I had very low expectations walking into it.

So the doctor completely exceeded my expectations!  She was very attentive, very thorough, getting the most thorough medical history of me I'd had in a while.  She asked lots of questions, gave us a lot of time, and thoroughly listened and examined me.  She thinks maybe it's asthma, but doesn't want to put me on steroids or inhalers as I'm already on labetalol and I'm not that bad off.  Plus, since the odds are it's just pregnancy induced, it will most likely go away.  Great.  She also thought I could be anemic or have a funny thyroid, so she ordered blood for that too.

The only complaint I had was with the blood drawing techs.  They were not competent.  I walked in, hungry (because it was after 5), and told them Not to Dig on me, because I've been having vasovagal episodes.  If anything was going to set me off, someone digging around in my arm with a needle would certainly do it.  It happened when I was expecting Sam.   So I said that up front.  She didn't dig, but she used butterflies and failed twice.  By which time I was getting a little warm so I asked for some juice.  They had to hunt for it.  Seriously?!  All blood labs I know have that sort of thing right there Just for such an occasion.  Then she forwarded me on to another gal who made the offhand comment, oh those morning gals, they get so much more practice, they've been doing this for years...And You Haven't?!  Hello?!  Don't tell me that when you are poking me in the arm.  I took blood for a couple months when I was a CNA at St.
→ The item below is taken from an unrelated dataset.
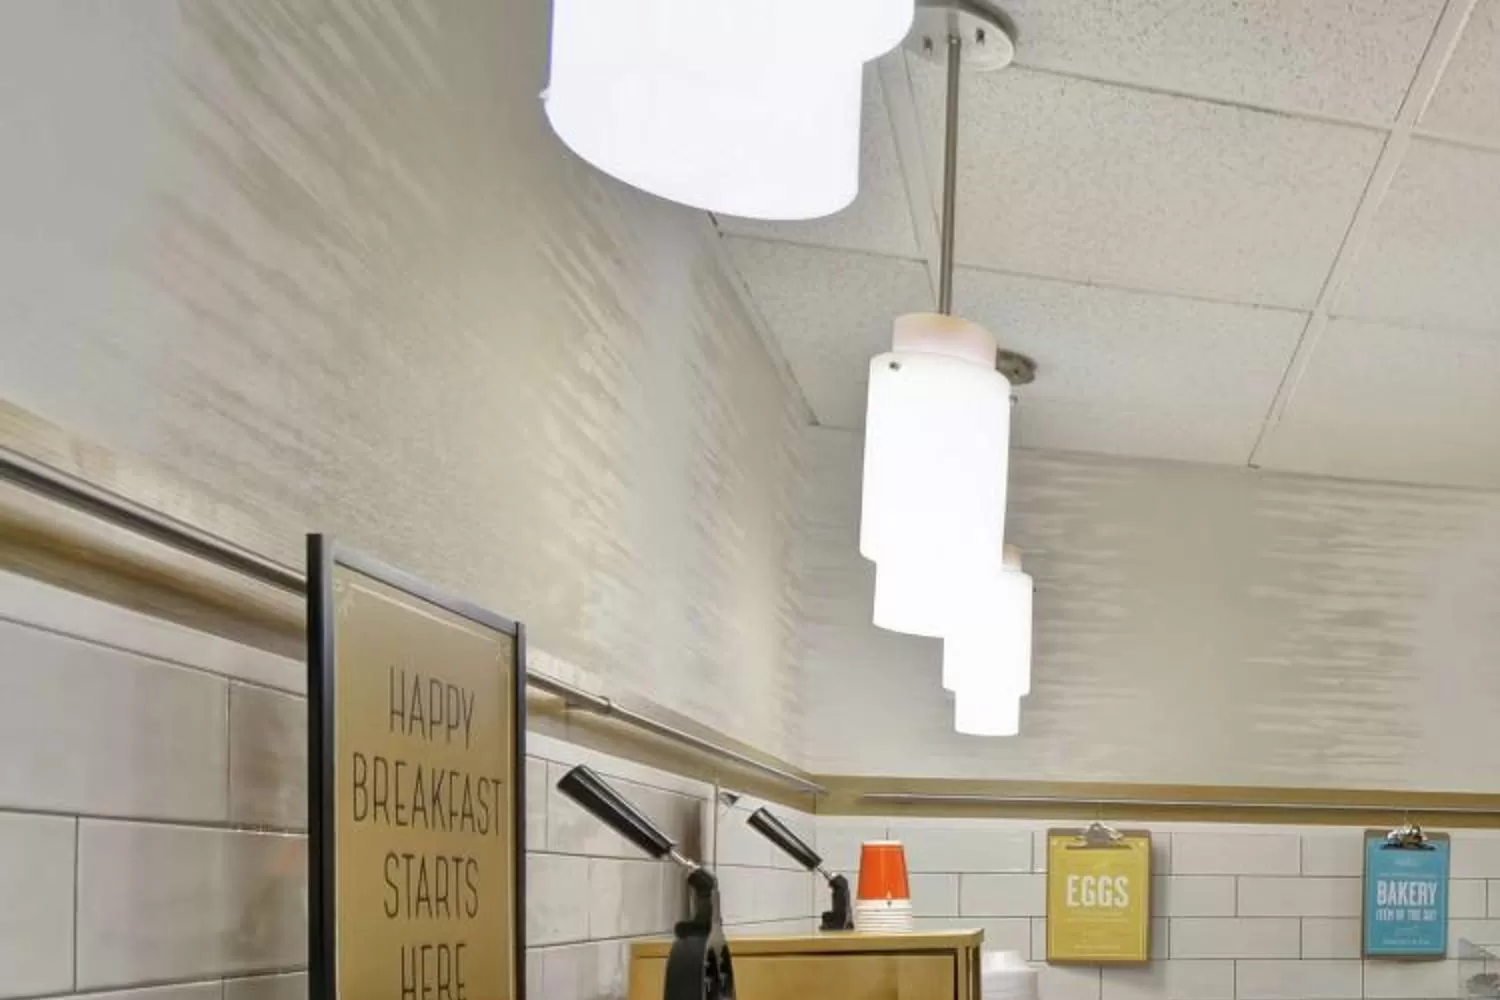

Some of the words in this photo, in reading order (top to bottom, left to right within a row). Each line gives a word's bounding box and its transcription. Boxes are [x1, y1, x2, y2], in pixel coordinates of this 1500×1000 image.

V's back in college, and butterflies are not your first line of defense.  Nor are hand sticks.    Lazy.  The other gal got me once, another fail.  Now I've finished my juice, but when she fails, I'm like forget it, I'll go to IU West.  I decided to let her try my other arm, they'd done 3 pricks in my right (usually not a problem arm).  At last, she had success.  And I Thanked God to get out of there, and also that I'd left Eric in the waiting room.  He is so good about staying with me, and toting me all over, taking such good care of me.  But he doesn't do well with blood.  And if I was getting a little iffy on the blood draws, he really would have.  So I was just glad it was done.

Overall, the day was a Success.  Baby and I are doing OK, we're just going to keep on keeping on!

Sunday, February 24, 2013

Feeling Swell

Well, I got close this time. I almost made it to church today. Last week I didn't make it, so I blogged while the boys were gone.   This week, I got up, dressed, and downstairs a full hour and a half before church this morning.  Thought I'd actually make it!  Then I got a wild hair, and decided to make cocoas for Eric and I to drink during Sunday School hour.  And for some reason, by the time it was time to go, I had no energy left to leave the house.  I haven't been to church in a month, I miss my church family, but getting out of the house is exhausting.  And I have been in a bit of a funk.  I guess it's depressing wanting to be able to do things, finally have the thoughts enough to know what needs to be done, and neither of us being healthy to do much about it.  I feel bad for Baby J and for Sam, like they're getting the fuzzy end of the lollipop.  I had Chris's baby book done 2 months before Sam got here; the nursery was all ready by this point, but not so with this one.  I didn't realize until this morning how much that has frustrated me that we're nowhere near ready.  I think I know where Sam's baby book IS, and I started it, but it's not done. I can't even put together a baby load of laundry.  At least we got the swing and the bucket seat put back together.  My friend E came over and helped take them apart to wash them, we thought we'd broken the swing, but this morning Eric figured out how to get it back together.  So that's something.  We do now have a Bucket and a Swing for the baby.
I've been in a fair bit of pain this last week, that has put me in a deeper funk.  I have little that's nice to say, so I haven't been saying much.
Lately, I only get out of the house to eat or go to the doctor or a combination of the two.  Eric and I like to swing out for lunch when we're out for a doctor's appointment.  But it's been a week and a half since we've done that.  This week was a good week for Other Things.   First on Tuesday for Christopher's special Guest Reading Day at school.  Eric wheeled me over to the school so we hear Chris read "Rooster Can't Cock-a-Doodle Doo" to his class.  He rocked, I cried.  I was a Proud Mama!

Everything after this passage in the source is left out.